Re: anchor awareness (was Re: Richer & richer semantics?) from W. Eliot Kimber on 1996-12-22 (w3c-sgml-wg@w3.org from December 1996)

From: W. Eliot Kimber <eliot@isogen.com>
Date: Sun, 22 Dec 1996 11:11:15 -0900
To: w3c-sgml-wg@www10.w3.org
Message-Id: <3.0.32.19961222111106.00c608e4@uu10.psi.com>
At 05:51 PM 12/21/96 -0800, Tim Bray wrote:
>I think that Steve was making an important point, but I think that I
>didn't really get it.  So this is a request for amplification, with some 
>questions
>
>>The question is:
>>"Does an anchor know that it is an anchor?"
>
>What does it mean for an anchor to know it's an anchor... and I guess,
>what exactly are you terming an anchor?  Consider the following:

In HyTime terminology, an "anchor" is an object (or list of objects) that
is addressed by a hyperlink as a particular anchor role.  This definition
of "anchor" is slightly different from that used in HTML and in some other
hypertext formalisms (e.g., the Dexter hypertext model).  

In HyTime, anything that can be addressed by any means can *potentially* be
an anchor.  As you can address things without explicit identifiers, things
can be addressed without their knowledge.

Also, in HyTime terms, a thing becomes an anchor only when a hyperlink
addresses it, not before.  Thus, putting an ID on something does not, in
and of itself, make it an anchor.

A hyperlinking element can be one of its own anchors (a "self anchor",
meaning the link links to itself).

To relate this to HTML, the A element is a hyperlink when the HREF
attribute is used.  It is a "contextual link" because it is also one of its
own anchors. The other anchor is whatever the URL points to, which could be
another entire page, a named A element, or something returned by a query
(HyTime considers CGI scripts to be a form of query, using the notation of
"query" to mean "anything that HyTime doesn't define directly").
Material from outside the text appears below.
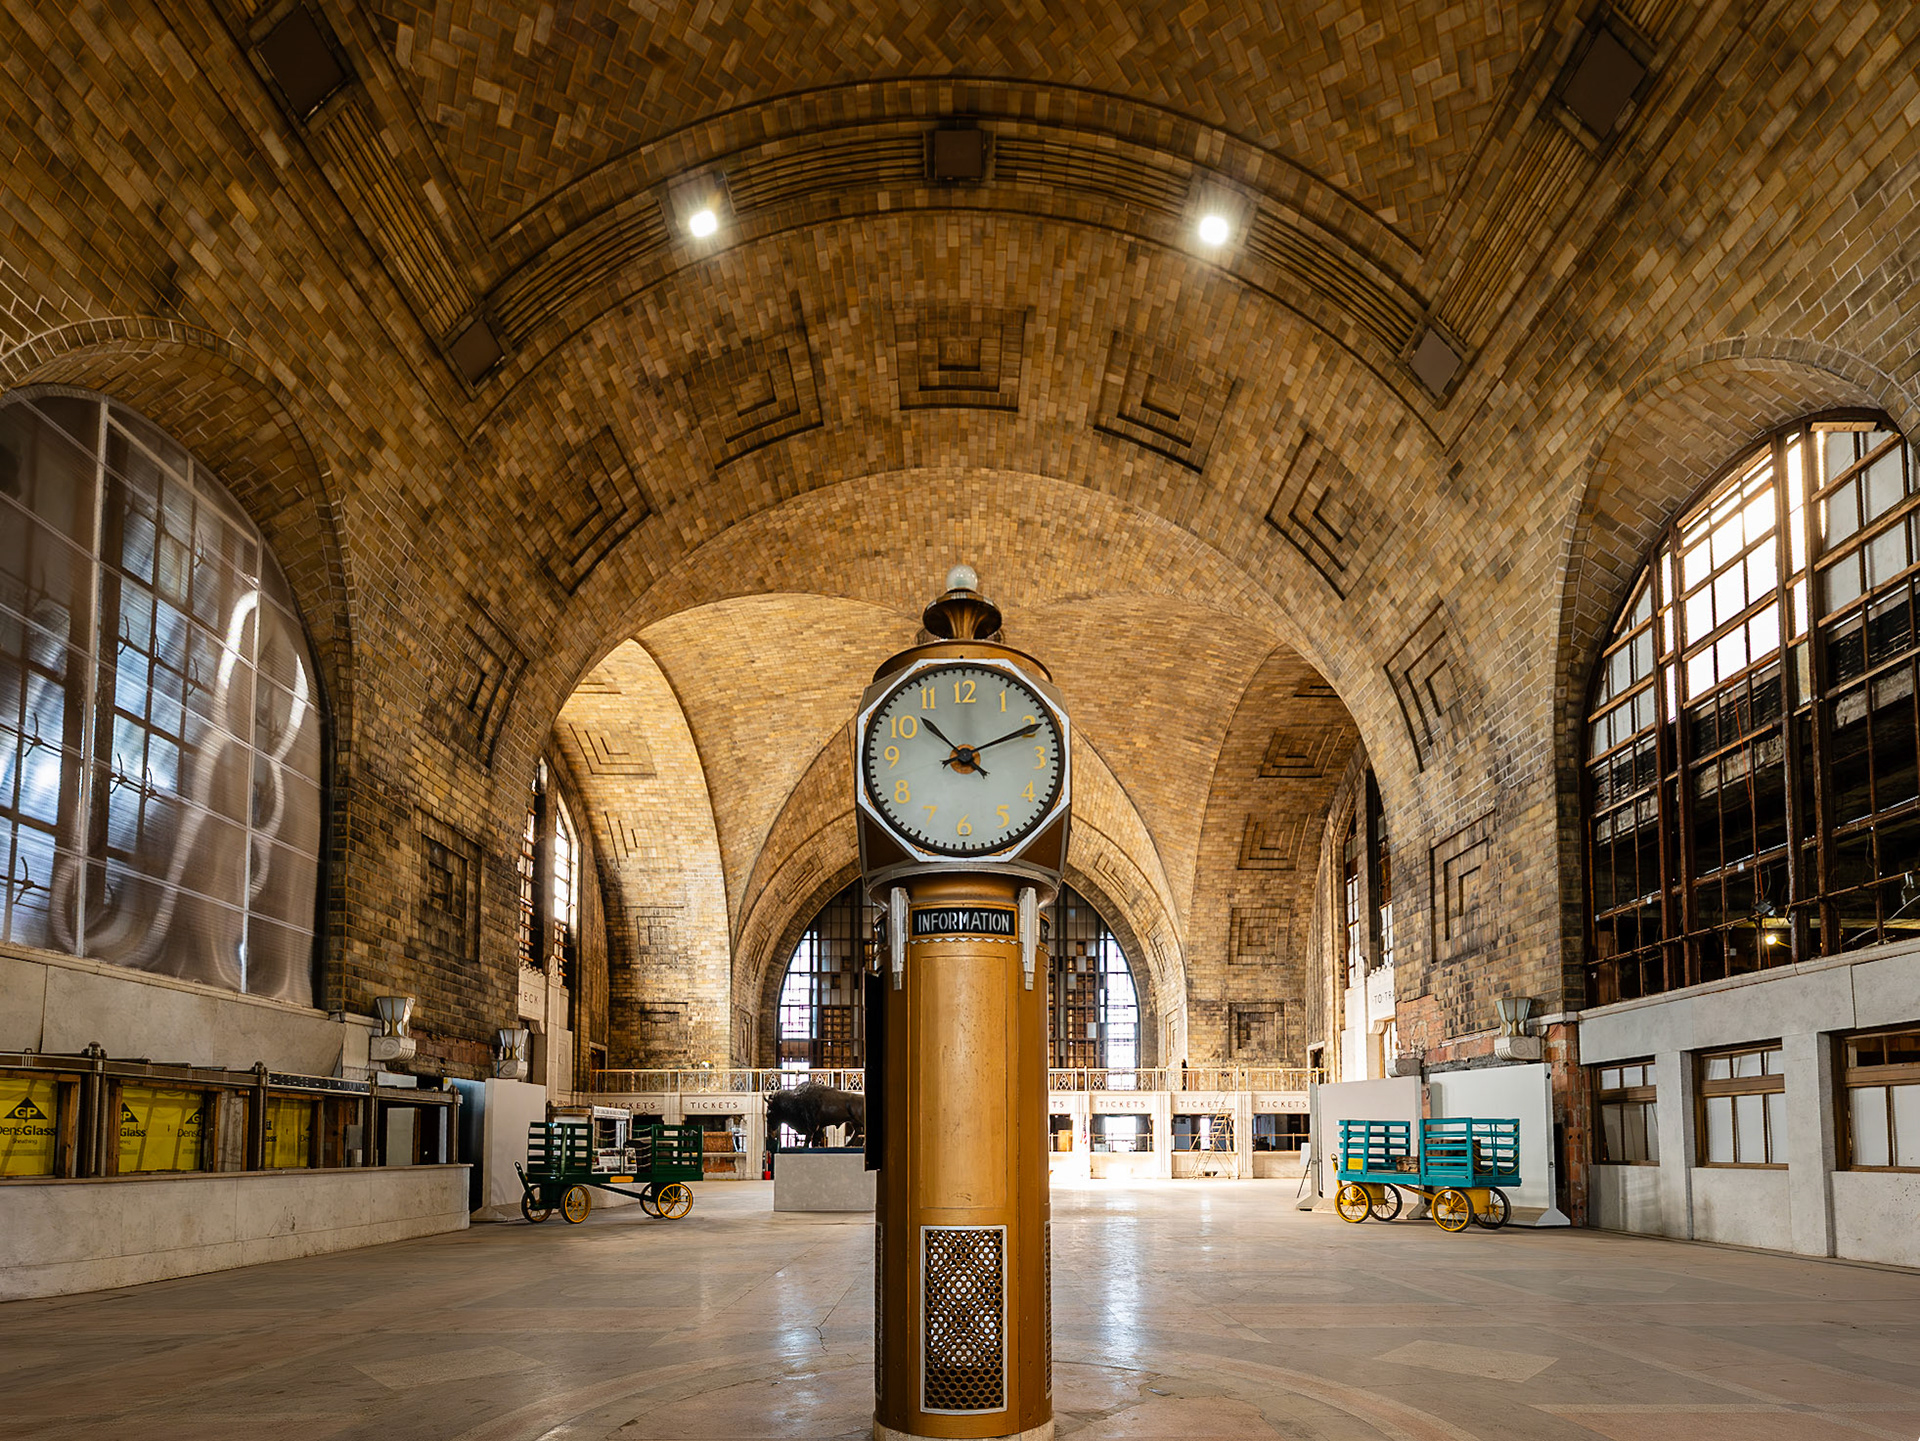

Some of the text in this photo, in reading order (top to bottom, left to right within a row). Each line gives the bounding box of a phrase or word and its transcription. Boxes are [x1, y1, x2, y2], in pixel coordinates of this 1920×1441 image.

>Example 1: http://www.textuality.com/sgml-erb/mprdv.html
>
>not as an example, but in and of itself, embedded in the email you
>are now reading.  I would assume this is not an anchor in the sense that you
>mean; 1-way www semantics make it a link-end but not an anchor.  

Actually in this example, the URL is an anchor, but not a link.  The link
exists virtually in the mailer.  In HyTime, it would be defined something
like this:

<link refmark="url-in-text"
      refsub="objects-with-url">
Links all occurrences of URL strings in body of mail
message (reference marks) to the objects with that URL
(reference subjects).   Uses the Perl
support of the mail program to resolve the addresses.
Location source for both queries is current mail message.
</link>

<!-- Queries that implement semantics of link shown
     above. -->
<!NOTATION perl PUBLIC "-//L.Wall//NOTATION Programming perl//EN"
                       "<isbn>0-937175-64-1"
>
<queryloc id=url-in-text notation=perl>
@URLS = ();
open(MAIL, "< current-message");
while (<MAIL>) {
  chop;
  if (~/(("http:"|"ftp:"|"mailto:")[\w\d\.\/\-\~\?\#]+)/) {
     # Above regex probably flawed but you get the point.
     push($1,@URLS);
  }
return(@URLS); # returns list of URLs addresssed
</queryloc>
<queryloc id=objects-with-url notation=perl>
@objects = ();
foreach $url (@URLS) {
   push(&resolve_url($url), @objects);
}
return(@objects);
</queryloc>

In other words, you have a two-anchor link with two anchor roles,
"refmark" and "refsub".  In this case, the strings addressed
by the "url-in-text" function are the "refmark" anchor. The
objects with those URLs are the "refsub" anchor.  Both anchors
are lists in this case and defined using inter-dependent queries
(a very useful technique).

You probably wouldn't actually implement a mail program's
functionality this way (but you could and it would make for a very
interesting general facility to be able to define new links of this sort).
But it shows
how you can use links and queries to express the precise relationship
of function (matching URLs in text and resolving them) to the relationship
between the two funtions in a standard way.  
 
>                                                                The person 
>who placed mprdv.html at www.textuality.com and sent the URL out by email 
>was consciously creating an anchor that in some sense knows it's an anchor
>since there is an httpd server that will give anyone a copy, no questions
>asked.

But the anchor doesn't know it's an anchor, it only knows it's a string.
The application of linking semantics that make it an anchor are separate
from the string (and there's no requirement that they ever be applied even
though the author may reasonably expect them to be most of the time--if I'm
reading the mail with RN or something, the URL is not an anchor at that
moment).

>On the other hand, when 
>
>Example 2: <A NAME="sec3.17"> 
>
>appears in an HTML document, I assume you would call this an anchor that 
>knows it's an anchor?  It exists only to provide addressing hooks.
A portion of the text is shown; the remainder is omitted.